- [TASK OBJECTIVE]:
Please write out all of the entries exactly as they appear.

- [DATASET RECORDS]:
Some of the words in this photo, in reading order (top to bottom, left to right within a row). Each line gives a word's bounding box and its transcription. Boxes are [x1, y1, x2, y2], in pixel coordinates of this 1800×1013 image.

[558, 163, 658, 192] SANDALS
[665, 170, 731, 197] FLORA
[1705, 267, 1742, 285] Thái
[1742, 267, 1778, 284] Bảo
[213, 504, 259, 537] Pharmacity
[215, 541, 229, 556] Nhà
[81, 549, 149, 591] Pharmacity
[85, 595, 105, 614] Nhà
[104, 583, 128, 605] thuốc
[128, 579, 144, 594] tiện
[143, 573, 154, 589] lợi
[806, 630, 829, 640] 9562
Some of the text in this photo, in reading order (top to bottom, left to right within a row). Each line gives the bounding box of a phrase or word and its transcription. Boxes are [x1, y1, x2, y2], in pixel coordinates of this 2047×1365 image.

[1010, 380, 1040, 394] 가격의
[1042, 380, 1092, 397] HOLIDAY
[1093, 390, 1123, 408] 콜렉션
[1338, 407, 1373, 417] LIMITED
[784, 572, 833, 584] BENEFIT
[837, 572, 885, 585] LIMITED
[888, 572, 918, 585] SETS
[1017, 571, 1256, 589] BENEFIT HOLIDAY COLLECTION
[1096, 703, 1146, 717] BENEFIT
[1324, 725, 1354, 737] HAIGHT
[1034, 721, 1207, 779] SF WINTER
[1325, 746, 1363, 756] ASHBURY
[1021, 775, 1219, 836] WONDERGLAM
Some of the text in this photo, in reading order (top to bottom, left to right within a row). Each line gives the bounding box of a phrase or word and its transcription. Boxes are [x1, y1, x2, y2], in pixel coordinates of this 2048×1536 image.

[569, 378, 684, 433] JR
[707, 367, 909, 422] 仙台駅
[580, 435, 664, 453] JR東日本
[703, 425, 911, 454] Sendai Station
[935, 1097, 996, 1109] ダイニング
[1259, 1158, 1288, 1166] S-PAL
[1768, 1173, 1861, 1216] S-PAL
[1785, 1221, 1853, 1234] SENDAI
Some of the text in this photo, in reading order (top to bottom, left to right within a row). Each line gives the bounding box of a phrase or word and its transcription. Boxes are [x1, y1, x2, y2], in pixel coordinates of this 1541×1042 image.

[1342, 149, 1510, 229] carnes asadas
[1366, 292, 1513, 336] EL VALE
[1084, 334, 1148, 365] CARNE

- [OUTPUT FOR THIS EXERCISE]:
Some of the words in this photo, in reading order (top to bottom, left to right within a row). Each line gives a word's bounding box and its transcription. Boxes are [x1, y1, x2, y2], in pixel coordinates of this 1800×1013 image.

[558, 163, 658, 192] SANDALS
[665, 170, 731, 197] FLORA
[1705, 267, 1742, 285] Thái
[1742, 267, 1778, 284] Bảo
[213, 504, 259, 537] Pharmacity
[215, 541, 229, 556] Nhà
[81, 549, 149, 591] Pharmacity
[85, 595, 105, 614] Nhà
[104, 583, 128, 605] thuốc
[128, 579, 144, 594] tiện
[143, 573, 154, 589] lợi
[806, 630, 829, 640] 9562
Some of the text in this photo, in reading order (top to bottom, left to right within a row). Each line gives the bounding box of a phrase or word and its transcription. Boxes are [x1, y1, x2, y2], in pixel coordinates of this 2047×1365 image.

[1010, 380, 1040, 394] 가격의
[1042, 380, 1092, 397] HOLIDAY
[1093, 390, 1123, 408] 콜렉션
[1338, 407, 1373, 417] LIMITED
[784, 572, 833, 584] BENEFIT
[837, 572, 885, 585] LIMITED
[888, 572, 918, 585] SETS
[1017, 571, 1256, 589] BENEFIT HOLIDAY COLLECTION
[1096, 703, 1146, 717] BENEFIT
[1324, 725, 1354, 737] HAIGHT
[1034, 721, 1207, 779] SF WINTER
[1325, 746, 1363, 756] ASHBURY
[1021, 775, 1219, 836] WONDERGLAM
Some of the text in this photo, in reading order (top to bottom, left to right within a row). Each line gives the bounding box of a phrase or word and its transcription. Boxes are [x1, y1, x2, y2], in pixel coordinates of this 2048×1536 image.

[569, 378, 684, 433] JR
[707, 367, 909, 422] 仙台駅
[580, 435, 664, 453] JR東日本
[703, 425, 911, 454] Sendai Station
[935, 1097, 996, 1109] ダイニング
[1259, 1158, 1288, 1166] S-PAL
[1768, 1173, 1861, 1216] S-PAL
[1785, 1221, 1853, 1234] SENDAI
Some of the text in this photo, in reading order (top to bottom, left to right within a row). Each line gives the bounding box of a phrase or word and its transcription. Boxes are [x1, y1, x2, y2], in pixel coordinates of this 1541×1042 image.

[1342, 149, 1510, 229] carnes asadas
[1366, 292, 1513, 336] EL VALE
[1084, 334, 1148, 365] CARNE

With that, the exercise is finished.